When the coronavirus pandemic shut down bars and concert halls in March, a new phenomenon was born: the vacation-rental nightclub.

Professional party promoters started scanning Airbnb, Vrbo and other short-term rental sites for mansions and luxury condos for hire. Tickets were going for $90 on Eventbrite and TikTok for soirees with bottle service and DJs.

“People were looking to escape from their own homes and came into our tiny neighborhood to party all day, every day,” says Kristen Robinson Doe, a resident of a quiet suburban Dallas neighborhood where a party pad was being rented out for more than $1,000 a night. The five-bedroom home, with a resort-style pool, hot tub, outdoor kitchen and mini-golf putting green, was booked back-to-back through the summer. Doe watched in disbelief as strangers streamed through the gates every weekend and danced until dawn, unmasked, inebriated — and in clear violation of social distancing protocols.
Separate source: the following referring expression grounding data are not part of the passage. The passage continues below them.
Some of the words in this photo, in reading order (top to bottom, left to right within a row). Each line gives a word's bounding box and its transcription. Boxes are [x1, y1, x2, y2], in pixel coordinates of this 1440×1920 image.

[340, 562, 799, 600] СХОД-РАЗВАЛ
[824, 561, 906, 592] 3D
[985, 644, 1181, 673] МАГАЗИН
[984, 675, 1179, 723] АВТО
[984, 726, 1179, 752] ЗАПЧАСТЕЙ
Host Compliance, which gathers data on short-term rental properties in more than 100 cities in the U.S., found a 250% spike in complaints from June to September, compared with the same period last year. Party promoters quickly figured out “they can rent short-term rentals, create one-night nightclubs and make a lot of money from it,” says Ulrik Binzer, chief executive officer of Host Compliance, which helps municipalities navigate home-sharing rules. Selling tickets for house parties on Eventbrite and Instagram is “something we’ve never seen before,” says Binzer, who has worked in the industry for five years.

Airbnb and Expedia Group Inc.’s Vrbo have tried to crack down. Despite strict enforcement measures, the companies are struggling to curtail the events. If a listing is banned from Airbnb it can often still be available on Vrbo and other sites, and vice versa. If a host — or guest — is blacklisted, he or she may rent another property under another person’s name. Some professional party organizers even tell attendees to meet at a public location and ferry them to private homes so the address is never published online. Within half an hour, an empty house on a residential street can turn into a full-blown discotheque.
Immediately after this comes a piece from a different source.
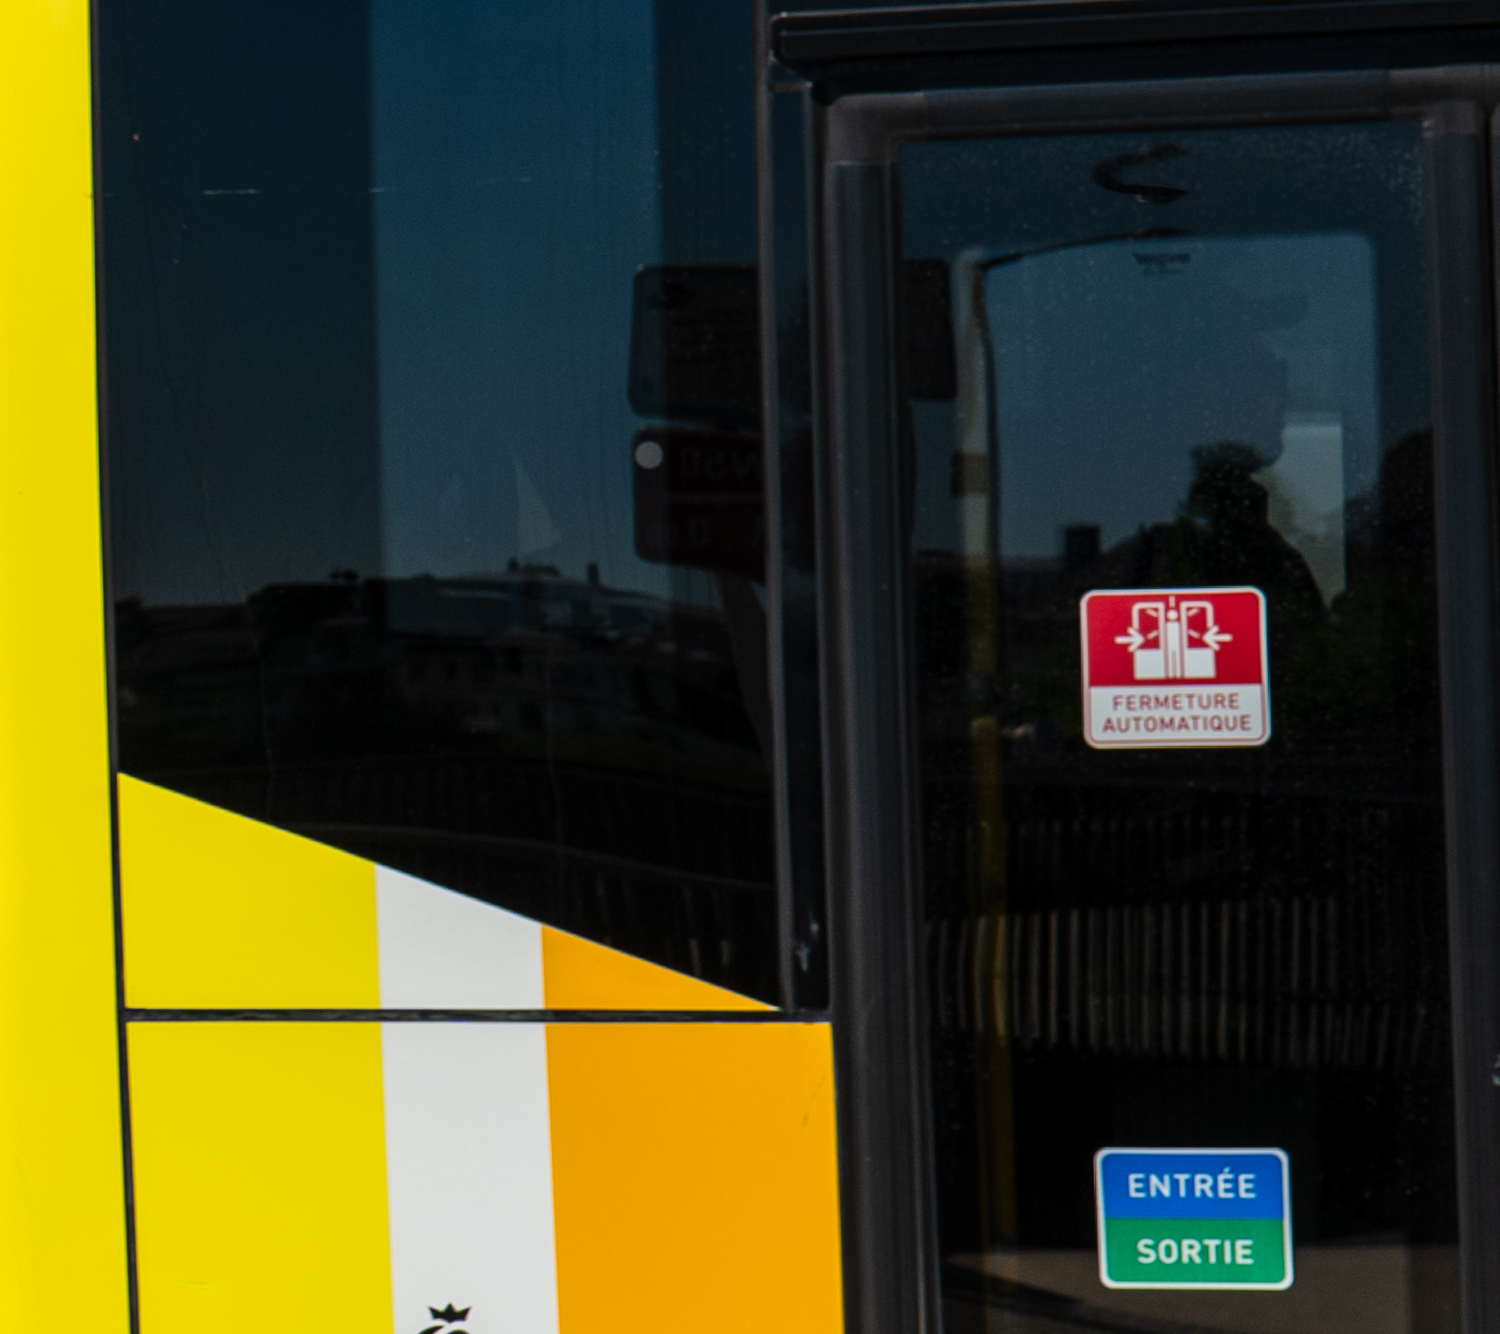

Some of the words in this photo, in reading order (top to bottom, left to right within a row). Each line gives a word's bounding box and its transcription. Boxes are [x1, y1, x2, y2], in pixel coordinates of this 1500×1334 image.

The spike in rental revelries comes at a bad time for Airbnb in particular. The San Francisco-based startup is planning to go public in December and hopes to raise as much as $3 billion, according to people familiar with its plans. Airbnb had originally intended to list earlier this year but the project was jeopardized after the coronavirus shut down global travel and reservations plummeted. Recently the company has seen bookings return as people seek refuge in rural areas outside of Covid hot spots and settle down for longer stays, taking advantage of flexible work options. The rebound in Airbnb’s fortunes helped get the IPO back on track. But headlines involving police, forbidden parties and a deadly disease aren’t the image the company wanted to project.

“Reputation issues can spook people, from investors to the banks underwriting the deal,” says Maurice Blanco, partner and co-head of Davis Polk & Wardwell LLP's global Capital Markets Group. “Investment banks are concerned about being associated with a company that raises red flags.”

Party houses were around before Covid-19. They drew national attention last year after a fatal shooting on Halloween at an Airbnb in Orinda, California, left five people dead. That prompted Airbnb to ban party houses and boost efforts to combat abusive host and guest behavior. “We must do better, and we will. This is unacceptable,” Chief Executive Officer and co-founder Brian Chesky tweeted at the time.

Airbnb rolled out new safety policies and risk-detection technology to hunt down nuisance listings. It removed rule violators from the site and launched a “dedicated party house” rapid response team and a complaint hotline for neighbors. Vrbo also has a “no tolerance” policy and a group tasked with ferreting out the guests who throw unauthorized parties and the homeowners who knowingly allow them. “There have been rare occasions of someone abusing the platform and we remain committed to helping our partners protect their properties with education on how to prevent bad actors from renting,” a spokesman for Vrbo said.

But a summer of coronavirus restrictions in cities has proven a challenge for enforcement.